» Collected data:
• • • • •

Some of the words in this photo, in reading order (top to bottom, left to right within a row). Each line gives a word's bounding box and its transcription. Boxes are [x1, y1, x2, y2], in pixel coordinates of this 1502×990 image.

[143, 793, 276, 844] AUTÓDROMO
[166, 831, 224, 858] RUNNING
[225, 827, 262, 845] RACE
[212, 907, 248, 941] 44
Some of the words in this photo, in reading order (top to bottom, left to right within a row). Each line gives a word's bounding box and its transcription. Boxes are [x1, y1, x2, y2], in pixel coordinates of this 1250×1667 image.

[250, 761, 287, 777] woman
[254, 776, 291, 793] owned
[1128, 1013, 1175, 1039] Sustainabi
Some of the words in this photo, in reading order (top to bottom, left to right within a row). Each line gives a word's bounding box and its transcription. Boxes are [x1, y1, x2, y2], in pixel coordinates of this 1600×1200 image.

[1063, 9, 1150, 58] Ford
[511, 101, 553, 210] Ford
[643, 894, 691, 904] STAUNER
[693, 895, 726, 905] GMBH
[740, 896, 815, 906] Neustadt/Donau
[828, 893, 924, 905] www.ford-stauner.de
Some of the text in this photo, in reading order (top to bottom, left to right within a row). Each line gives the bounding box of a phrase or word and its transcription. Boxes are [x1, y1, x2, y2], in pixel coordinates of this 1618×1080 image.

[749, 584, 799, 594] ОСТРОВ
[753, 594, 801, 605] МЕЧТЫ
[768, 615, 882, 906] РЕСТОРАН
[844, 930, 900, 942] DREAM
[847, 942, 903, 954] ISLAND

• • • • •

» EXERCISE: Return the records above in their entirety, exactly as they appear.

» ANSWER BOX:
Some of the words in this photo, in reading order (top to bottom, left to right within a row). Each line gives a word's bounding box and its transcription. Boxes are [x1, y1, x2, y2], in pixel coordinates of this 1502×990 image.

[143, 793, 276, 844] AUTÓDROMO
[166, 831, 224, 858] RUNNING
[225, 827, 262, 845] RACE
[212, 907, 248, 941] 44
Some of the words in this photo, in reading order (top to bottom, left to right within a row). Each line gives a word's bounding box and its transcription. Boxes are [x1, y1, x2, y2], in pixel coordinates of this 1250×1667 image.

[250, 761, 287, 777] woman
[254, 776, 291, 793] owned
[1128, 1013, 1175, 1039] Sustainabi
Some of the words in this photo, in reading order (top to bottom, left to right within a row). Each line gives a word's bounding box and its transcription. Boxes are [x1, y1, x2, y2], in pixel coordinates of this 1600×1200 image.

[1063, 9, 1150, 58] Ford
[511, 101, 553, 210] Ford
[643, 894, 691, 904] STAUNER
[693, 895, 726, 905] GMBH
[740, 896, 815, 906] Neustadt/Donau
[828, 893, 924, 905] www.ford-stauner.de
Some of the text in this photo, in reading order (top to bottom, left to right within a row). Each line gives the bounding box of a phrase or word and its transcription. Boxes are [x1, y1, x2, y2], in pixel coordinates of this 1618×1080 image.

[749, 584, 799, 594] ОСТРОВ
[753, 594, 801, 605] МЕЧТЫ
[768, 615, 882, 906] РЕСТОРАН
[844, 930, 900, 942] DREAM
[847, 942, 903, 954] ISLAND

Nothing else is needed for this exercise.